#### INFORMATION SHOWN

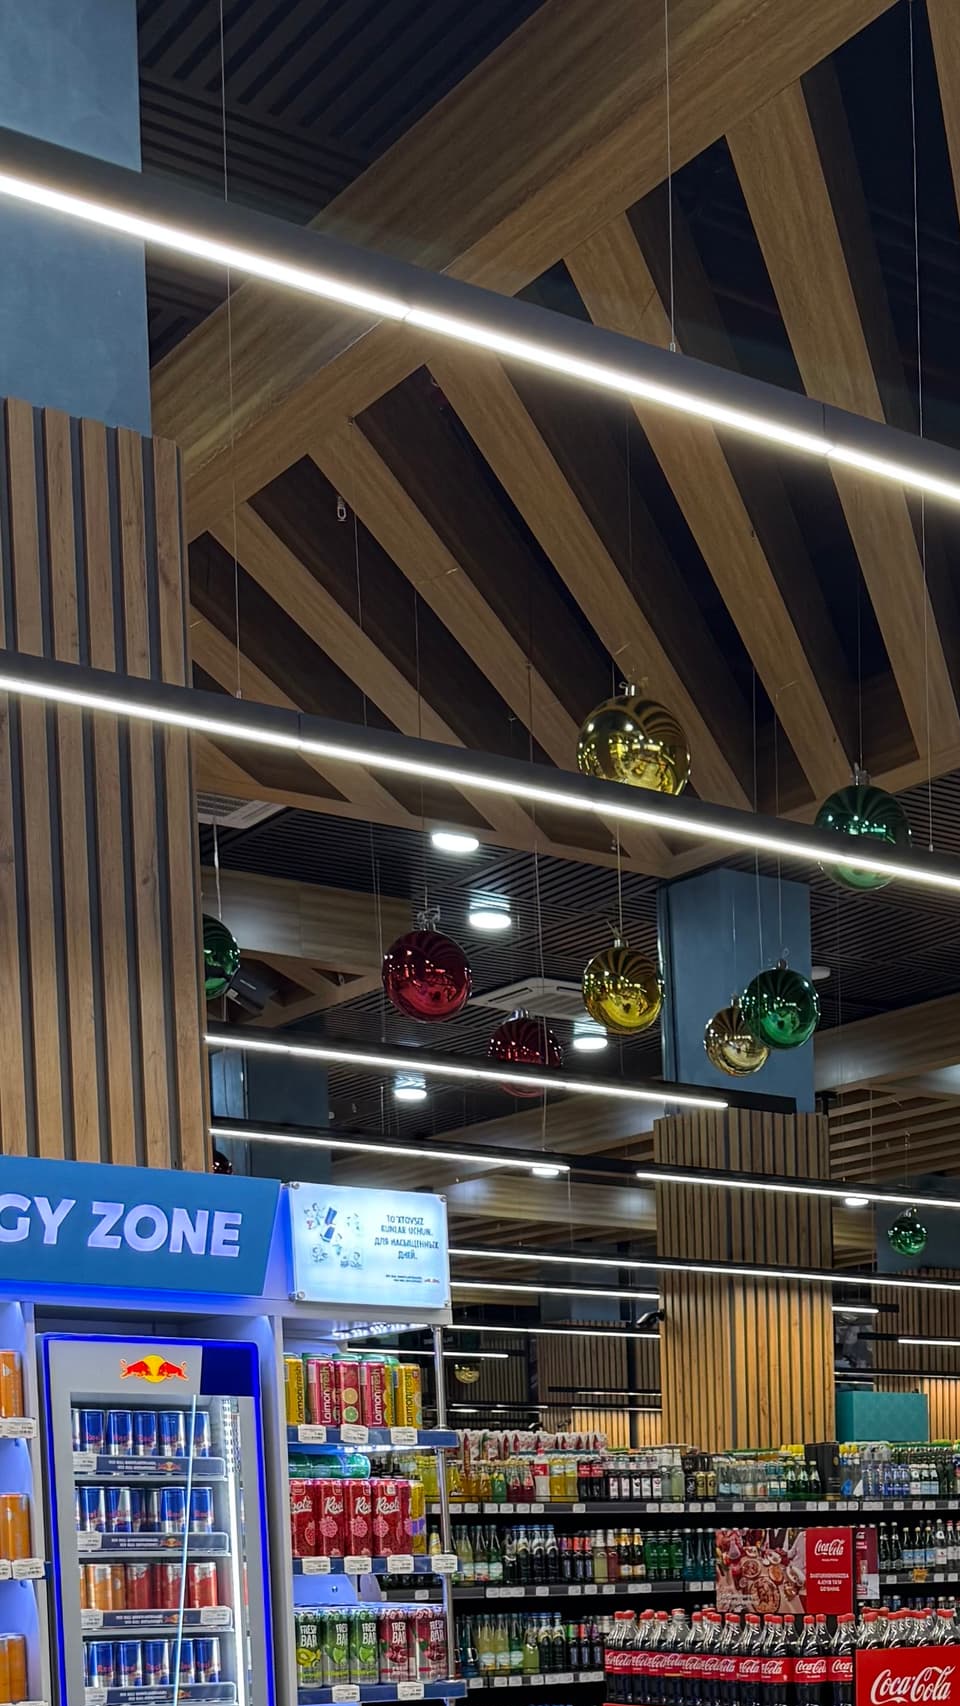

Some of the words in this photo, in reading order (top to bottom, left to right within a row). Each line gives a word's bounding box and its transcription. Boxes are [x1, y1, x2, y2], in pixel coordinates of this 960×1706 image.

[87, 1201, 243, 1258] ZONE
[814, 1538, 846, 1556] Coca-Cola
[795, 1660, 826, 1674] Coca-Col
[870, 1665, 956, 1705] Coca-Cola
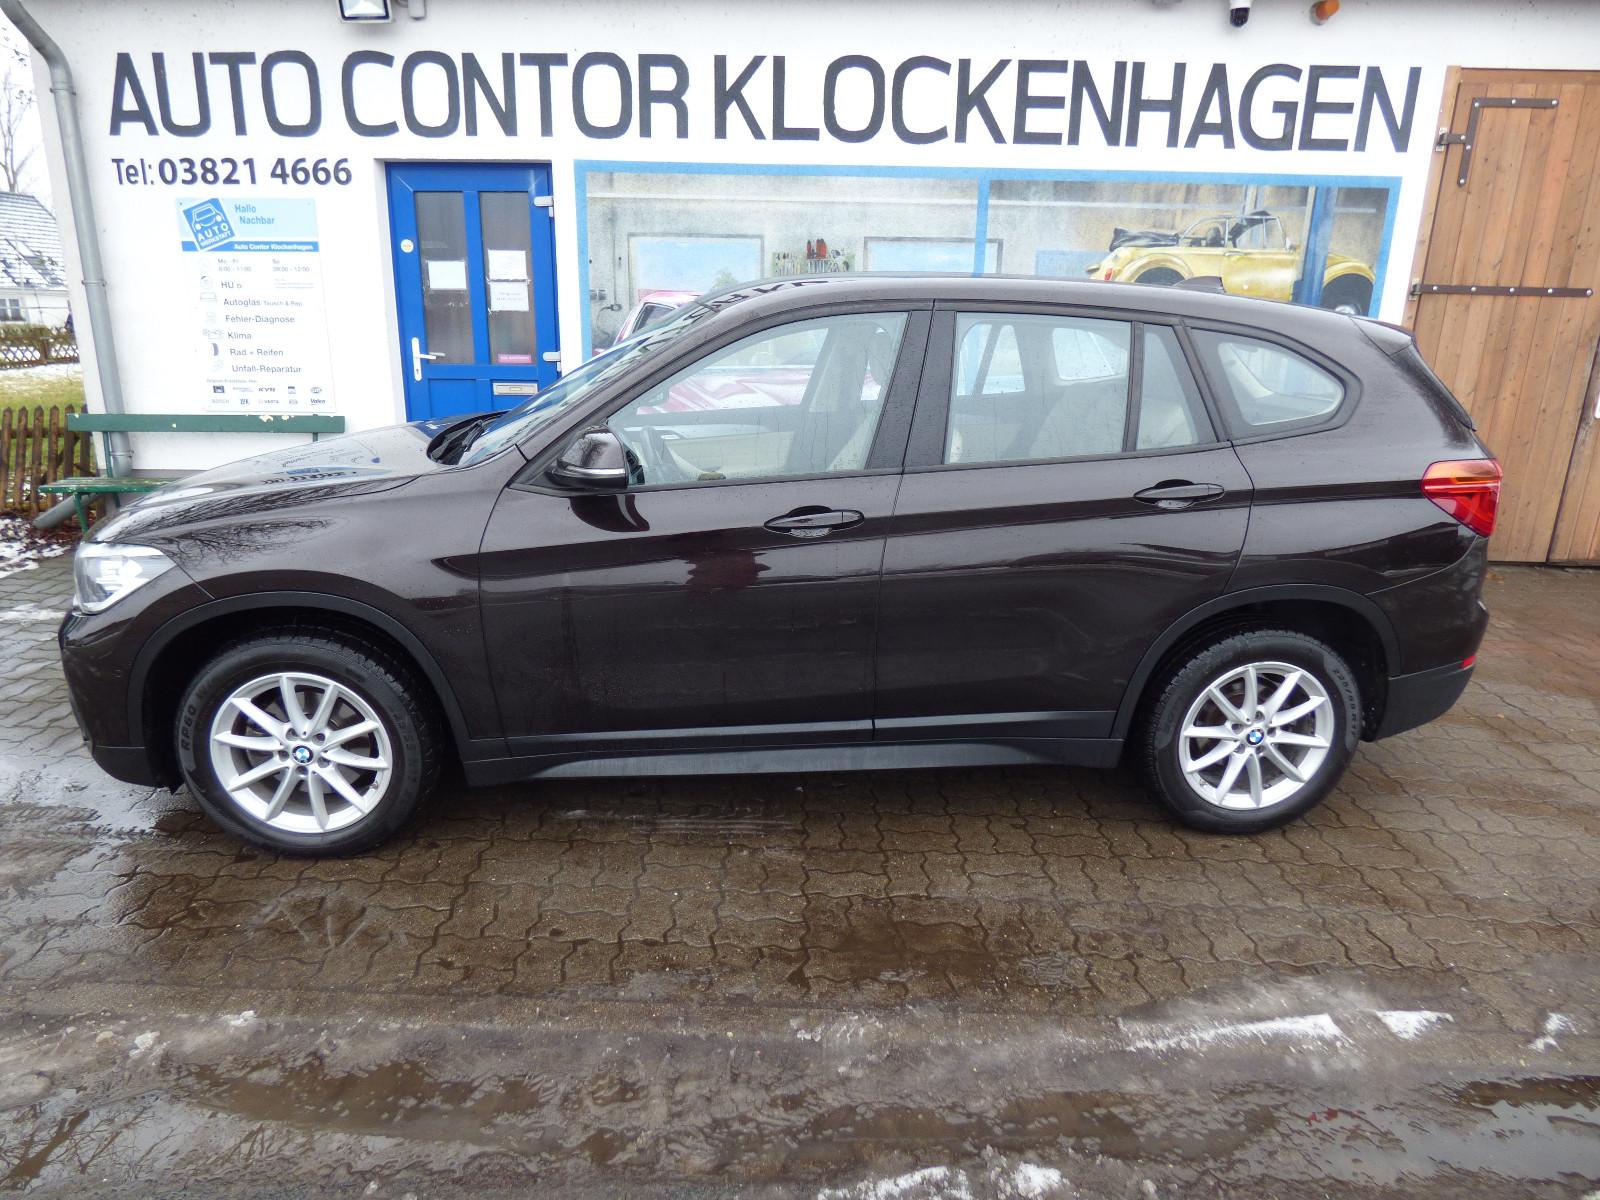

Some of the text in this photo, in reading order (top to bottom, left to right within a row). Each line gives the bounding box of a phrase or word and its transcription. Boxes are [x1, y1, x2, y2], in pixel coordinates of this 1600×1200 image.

[109, 49, 1422, 153] AUTO CONTOR KLOCKENHAGEN
[112, 157, 352, 186] Tel: 03821 4666
[234, 203, 257, 213] Hallo
[239, 215, 275, 225] Nachbar
[198, 223, 228, 242] AUTO
[221, 280, 234, 289] HU
[223, 298, 261, 308] Autoglas
[225, 314, 296, 325] Fehler-Diagnose
[227, 331, 252, 340] Klima
[229, 348, 247, 356] Rad
[256, 348, 284, 356] Reifen
[231, 365, 302, 374] Unfall-Reparatur
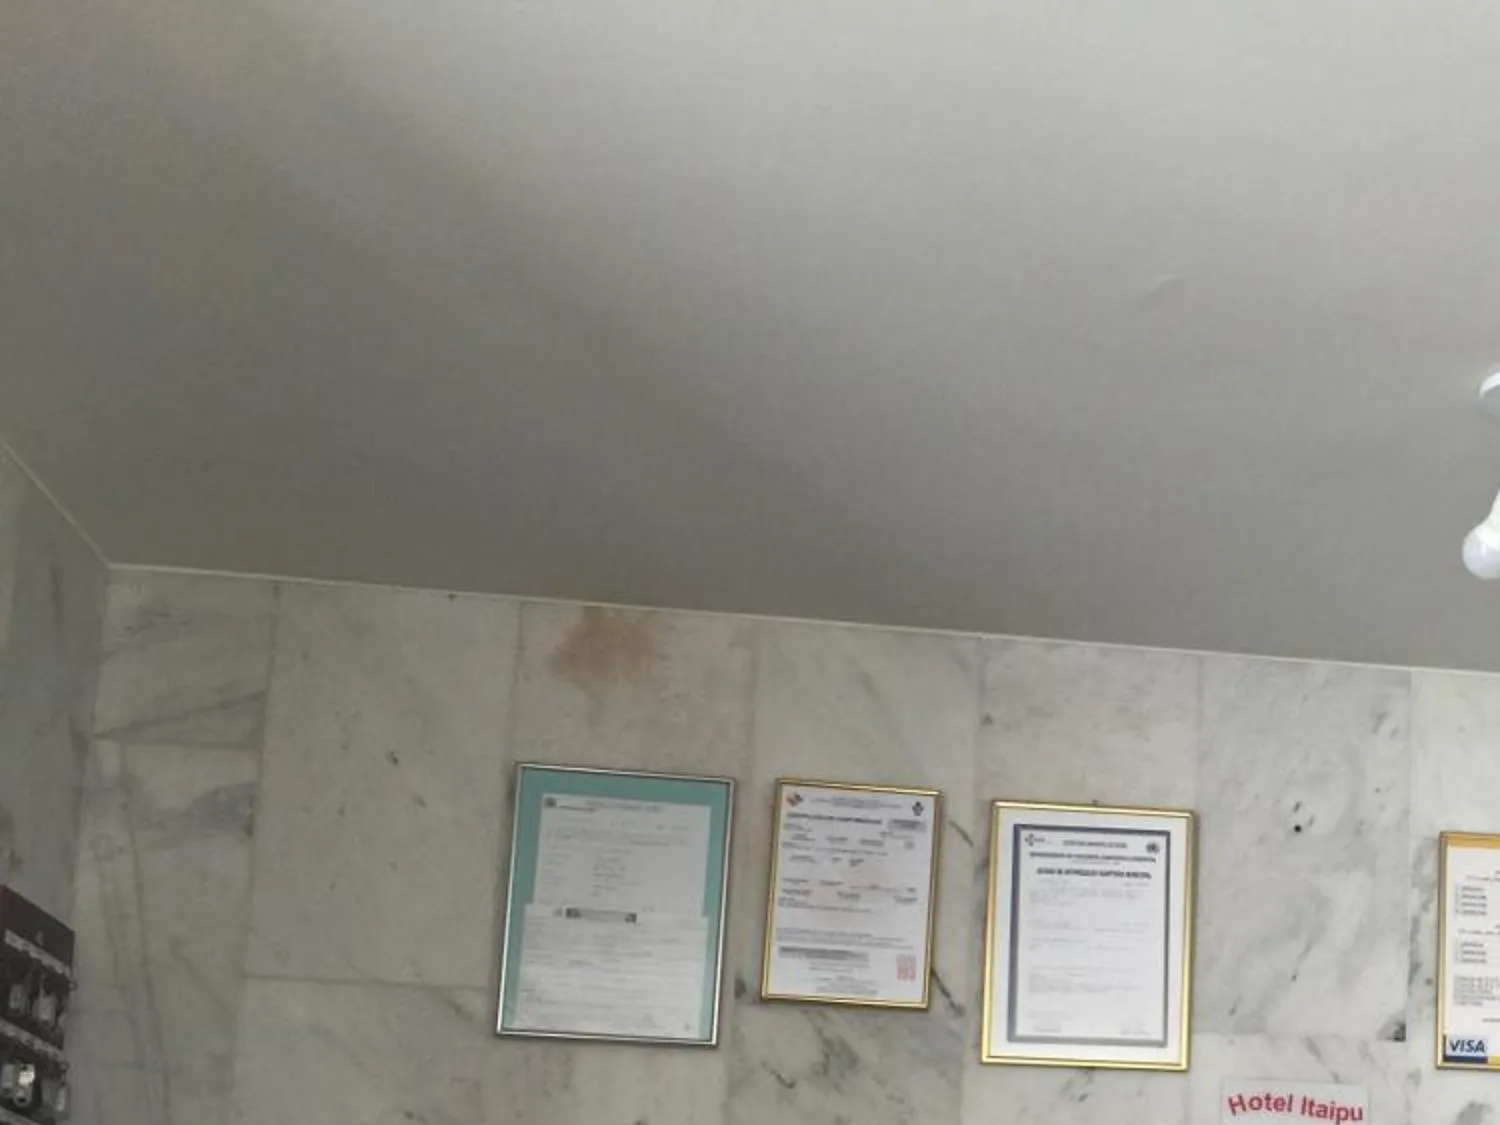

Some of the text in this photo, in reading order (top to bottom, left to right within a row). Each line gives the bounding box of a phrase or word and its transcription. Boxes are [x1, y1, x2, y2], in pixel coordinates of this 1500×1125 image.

[1449, 1039, 1486, 1053] VISA
[1228, 1092, 1363, 1125] Hotel Itaipu
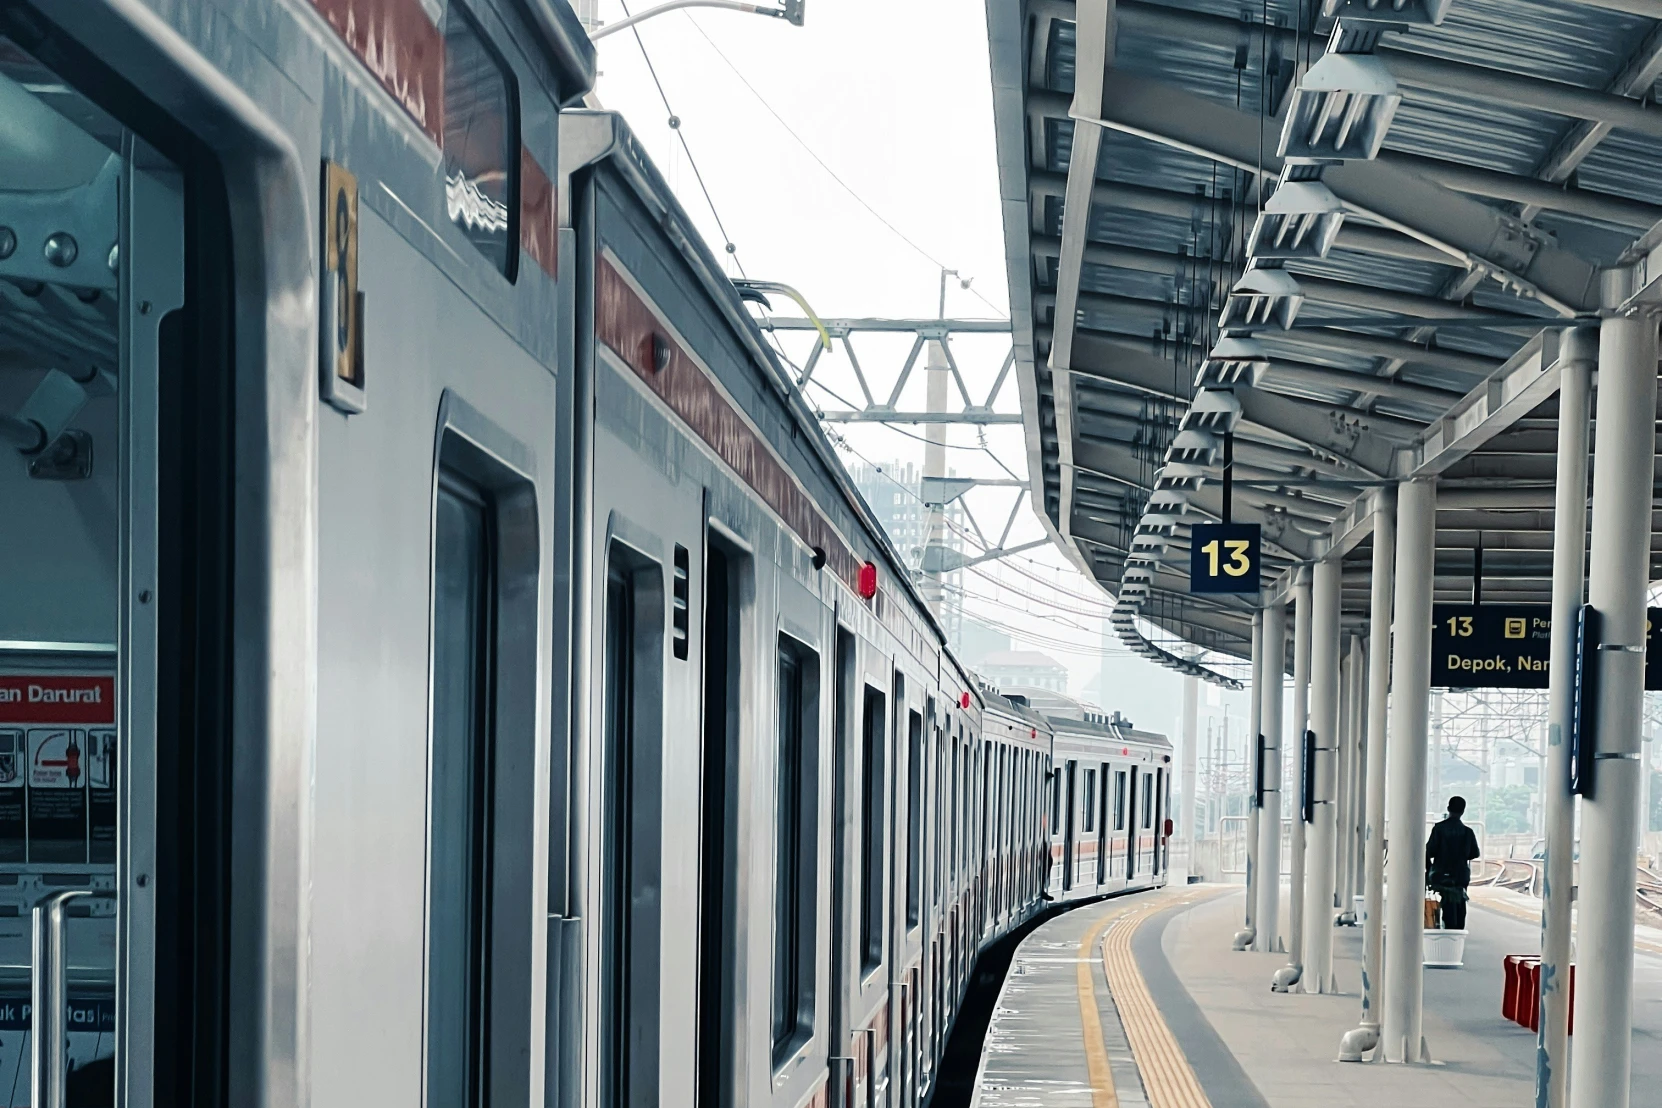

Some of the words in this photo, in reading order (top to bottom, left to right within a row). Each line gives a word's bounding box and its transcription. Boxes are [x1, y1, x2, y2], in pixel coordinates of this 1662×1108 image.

[336, 187, 350, 352] 8
[1201, 539, 1250, 577] 13
[1446, 616, 1474, 637] 13
[1447, 654, 1512, 674] Depok,
[28, 684, 101, 703] Darurat

########

• _TASK BRIEF_: The required result is an exact repeat of the records above from the line containing "this 1662×1108 image." to their final line.

• _ANSWER FOR THE TASK_:
Some of the words in this photo, in reading order (top to bottom, left to right within a row). Each line gives a word's bounding box and its transcription. Boxes are [x1, y1, x2, y2], in pixel coordinates of this 1662×1108 image.

[336, 187, 350, 352] 8
[1201, 539, 1250, 577] 13
[1446, 616, 1474, 637] 13
[1447, 654, 1512, 674] Depok,
[28, 684, 101, 703] Darurat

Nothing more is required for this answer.